Luther continued to live with the fear of divine judgment for years. He calmed his fear by committing himself to humiliating rituals of redemption from his own sin or the redemption of others from Purgatory. Thus, on a “duty” visit to Rome, he ascended the steps of the Scala Sancta, on which Christ Himself supposedly ascended before being taken before Pilate, and which was afterwards supposedly transmuted to Rome. At the top of the steps— which he climbed as he kissed each one of them, after uttering the Lord’s Prayer—in addition to the pervasive guilt, a feeling of doubt as to whether any of this helped began to grow in his heart.
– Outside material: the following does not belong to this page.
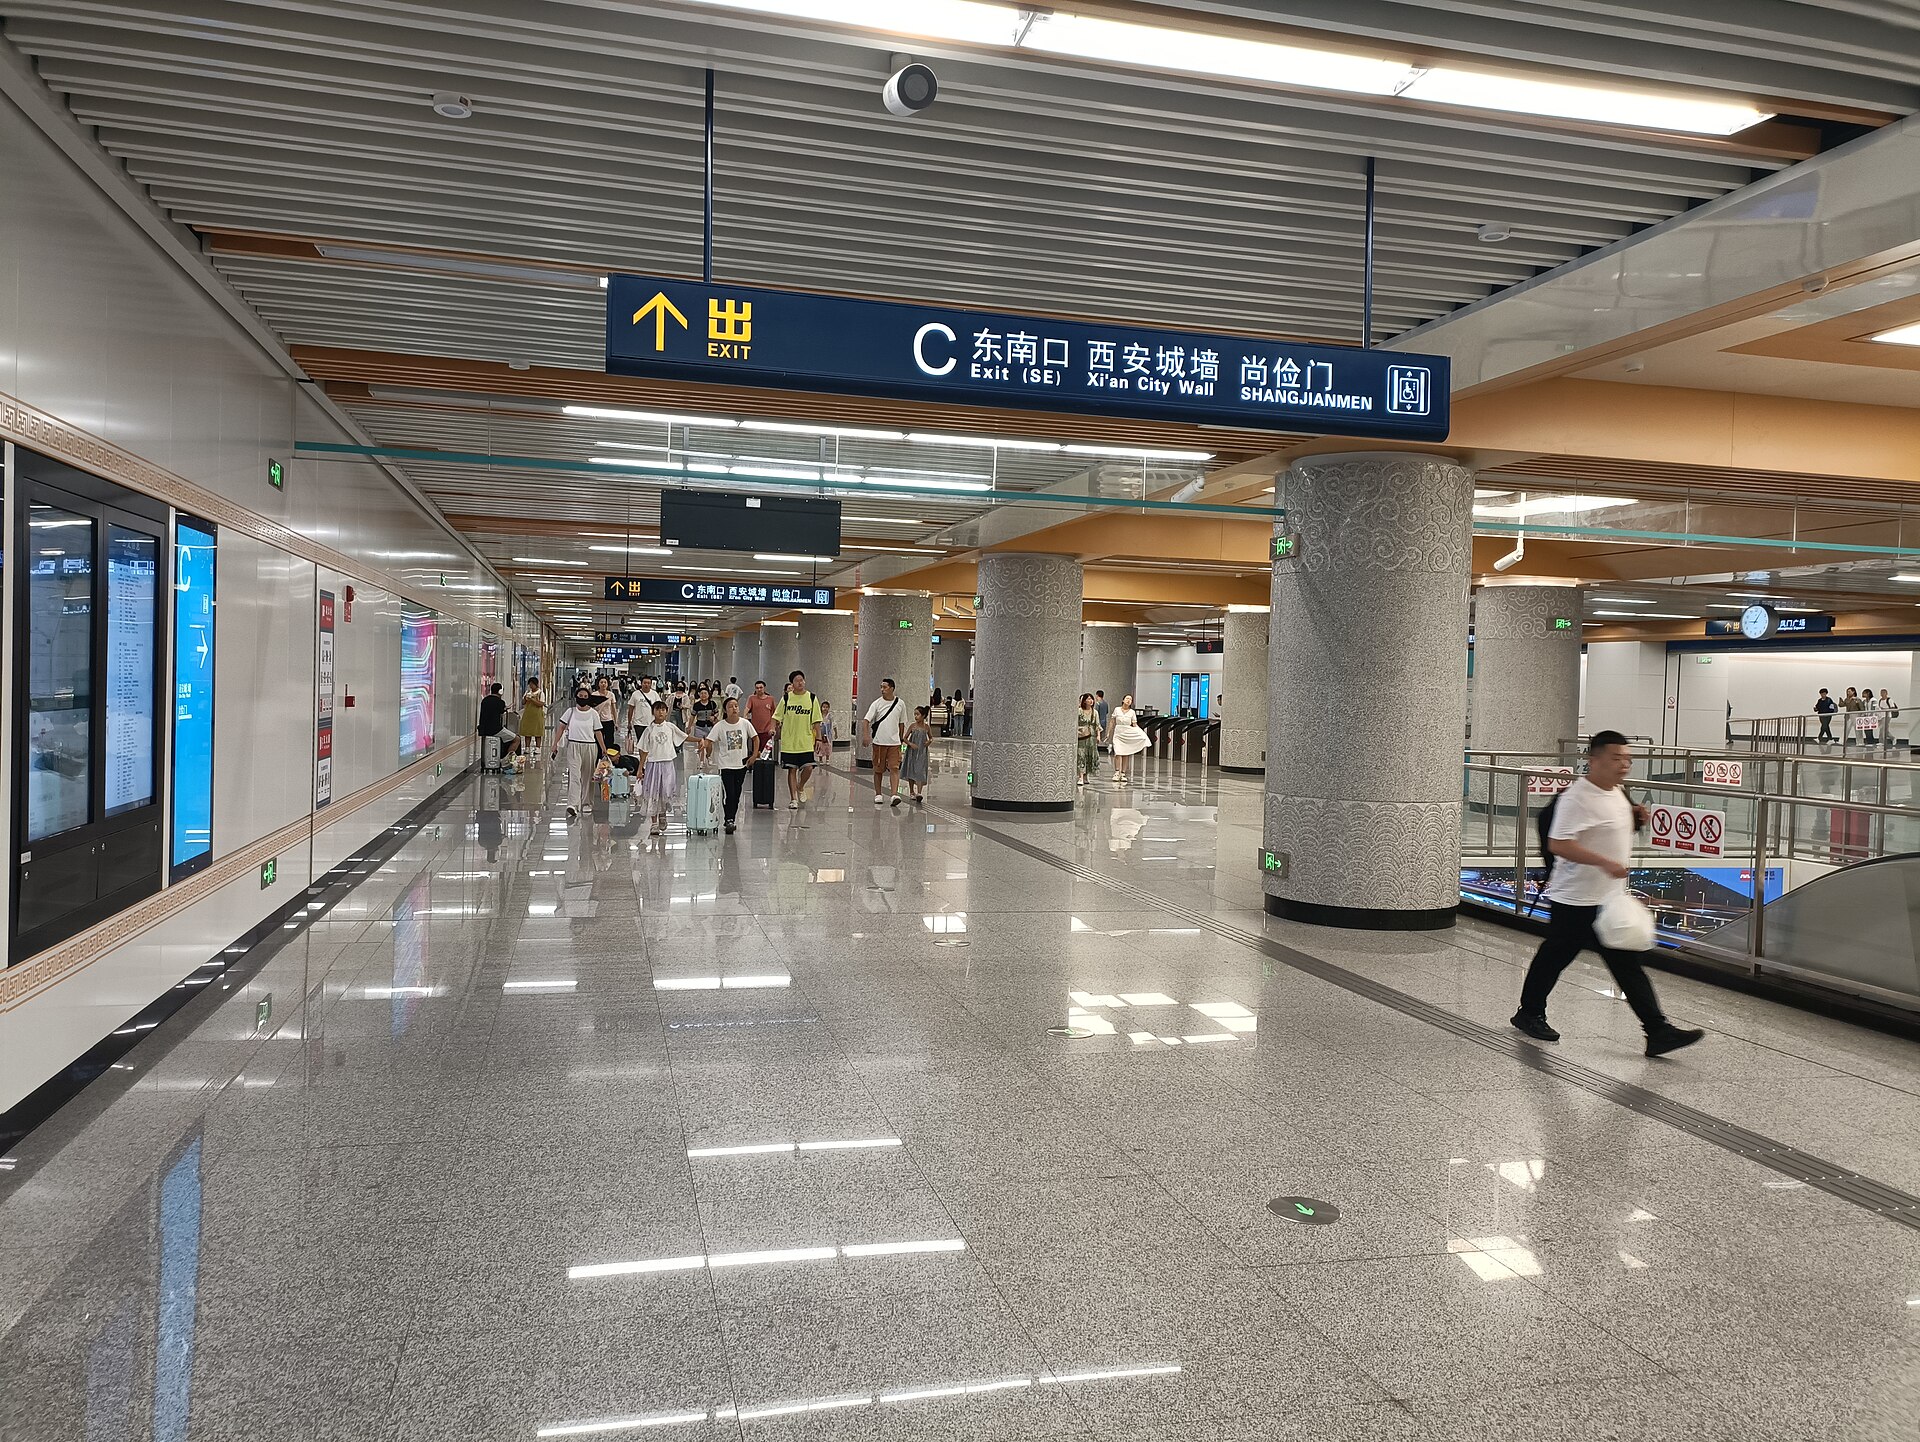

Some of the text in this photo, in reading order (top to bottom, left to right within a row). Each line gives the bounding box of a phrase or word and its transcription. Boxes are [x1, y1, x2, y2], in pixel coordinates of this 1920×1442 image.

The spiritual world in which Luther lived was visibly anchored in relics and rituals. Behind the scenes, however, were the political and financial interests of corrupt clergy. It is likely that this also contributed to Luther’s existential anxieties, in addition to the strict education he had received at home. The medieval atmosphere, in which death was a constant threat, physical misery, and the general lack of education (which was not only discouraged but even ridiculed those who made an effort to overcome their condition), must have also had a strong influence.

Against this background, the clergy’s immoral practices, which included selling indulgences to round off their income, seemed to the monk (who had meanwhile become a theology professor) a blasphemous caricature of real repentance, which he himself was aware he could not produce on his own.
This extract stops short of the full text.